Leaning against the wall on the right hand side of the room, dressed in his long, snow-white priest's robe, Pentaur stood awaiting the princess. His head-dress touched the ceiling, and the narrow streak of light, which fell through the opening in the roof, streamed on his handsome head and his breast, while all around him was veiled in twilight gloom.

Once more the suffering girl looked up, and her glance this time met the eye of the young priest, who immediately raised his hand, and half- mechanically, in a low voice, uttered the words of blessing; and then once more fixed his gaze on the dingy floor, and pursued his own reflections.

Some hours since he had come hither, obedient to the orders of Ameni, to impress on the princess that she had defiled herself by touching a paraschites, and could only be cleansed again by the hand of the priests.

He had crossed the threshold of the paraschites most reluctantly, and the thought that he, of all men, had been selected to censure a deed of the noblest humanity, and to bring her who had done it to judgment, weighed upon him as a calamity.

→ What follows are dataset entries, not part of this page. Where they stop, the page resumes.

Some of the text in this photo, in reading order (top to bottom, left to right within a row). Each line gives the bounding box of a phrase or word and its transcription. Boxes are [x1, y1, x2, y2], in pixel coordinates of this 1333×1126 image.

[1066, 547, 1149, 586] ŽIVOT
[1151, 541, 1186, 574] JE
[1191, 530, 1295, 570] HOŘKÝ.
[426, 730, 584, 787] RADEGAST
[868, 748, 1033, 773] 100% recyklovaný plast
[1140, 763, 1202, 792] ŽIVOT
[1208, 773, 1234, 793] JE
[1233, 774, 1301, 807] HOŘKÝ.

In his intercourse with his friend Nebsecht, Pentaur had thrown off many fetters, and given place to many thoughts that his master would have held sinful and presumptuous; but at the same time he acknowledged the sanctity of the old institutions, which were upheld by those whom lie had learned to regard as the divinely-appointed guardians of the spiritual possessions of God's people; nor was he wholly free from the pride of caste and the haughtiness which, with prudent intent, were inculcated in the priests. He held the common man, who put forth his strength to win a maintenance for his belongings by honest bodily labor--the merchant--the artizan--the peasant, nay even the warrior, as far beneath the godly brotherhood who strove for only spiritual ends; and most of all he scorned the idler, given up to sensual enjoyments.

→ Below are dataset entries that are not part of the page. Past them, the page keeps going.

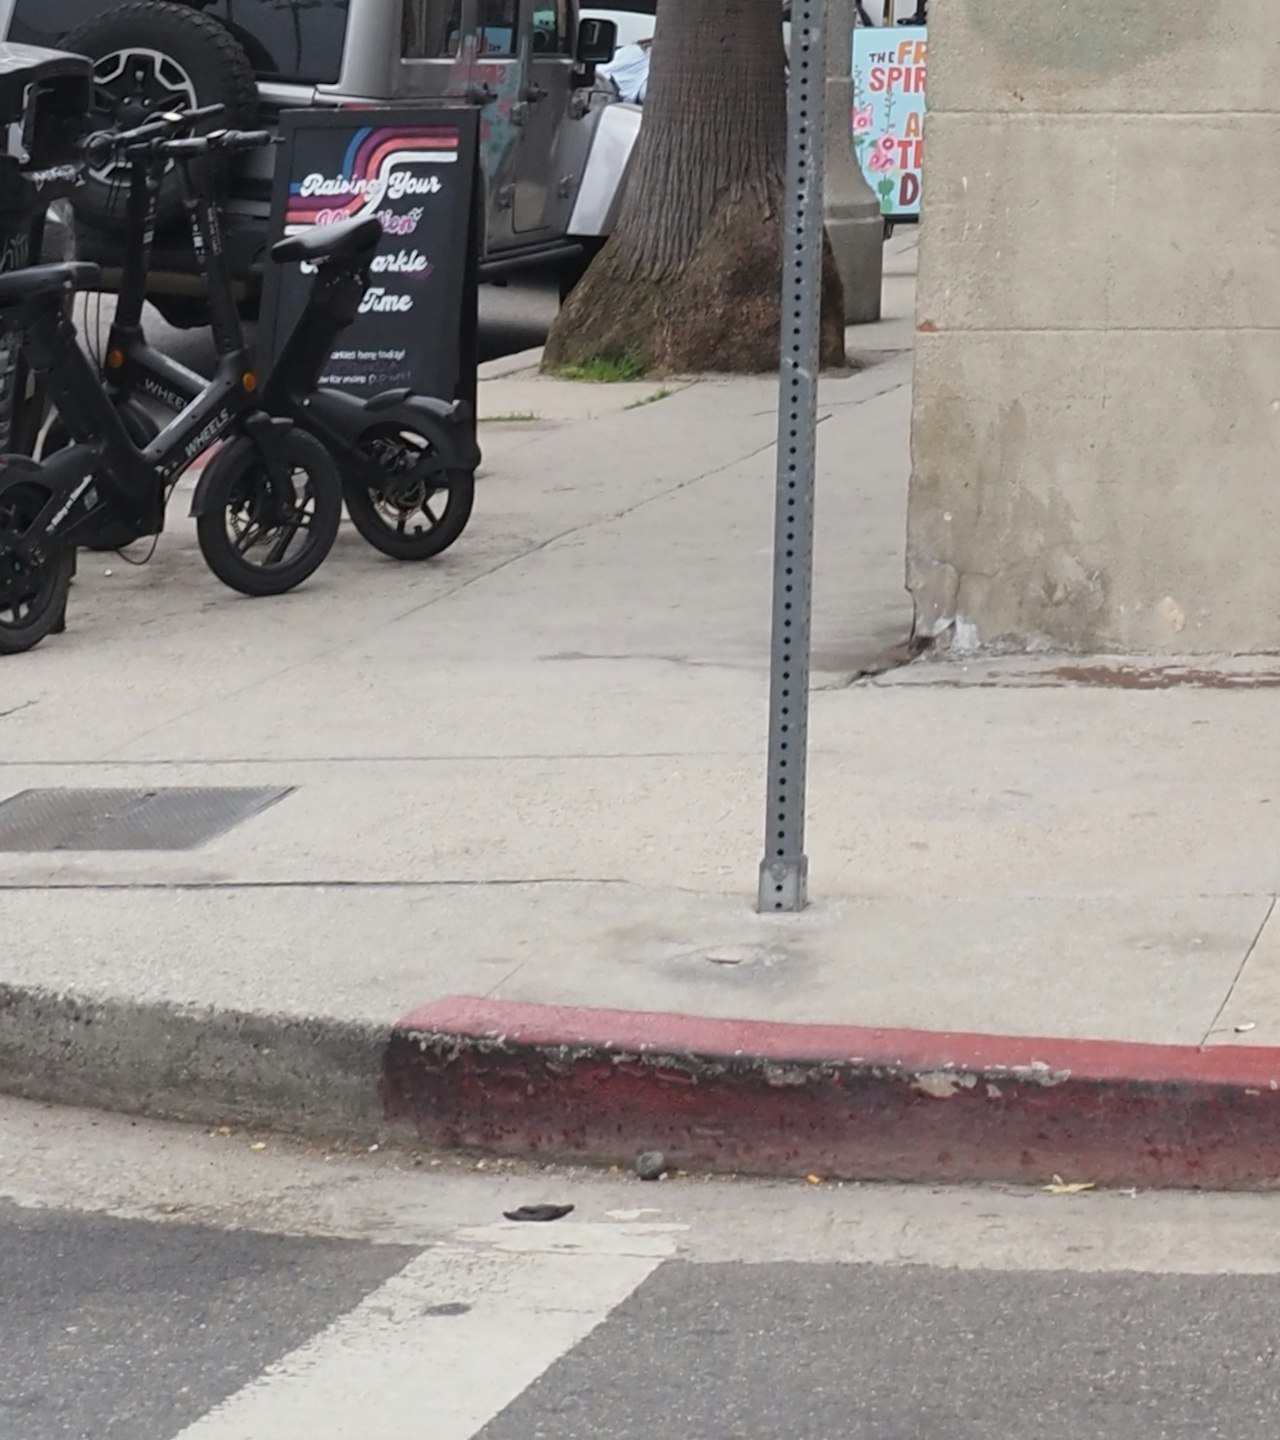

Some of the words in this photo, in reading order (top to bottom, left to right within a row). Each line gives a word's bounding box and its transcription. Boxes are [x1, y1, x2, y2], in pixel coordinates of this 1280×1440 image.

[869, 52, 895, 64] THE
[300, 173, 381, 201] Raising
[387, 171, 442, 199] Your
[358, 286, 414, 314] Time
[185, 407, 229, 457] WHEELS

He held him unclean who had been branded by the law; and how should it have been otherwise? These people, who at the embalming of the dead opened the body of the deceased, had become despised for their office of mutilating the sacred temple of the soul; but no paraschites chose his calling of his own free will.--[Diodorus I, 91]--It was handed down from father to son, and he who was born a paraschites--so he was taught--had to expiate an old guilt with which his soul had long ago burdened itself in a former existence, within another body, and which had deprived it of absolution in the nether world. It had passed through various animal forms, and now began a new human course in the body of a paraschites, once more to stand after death in the presence of the judges of the under-world.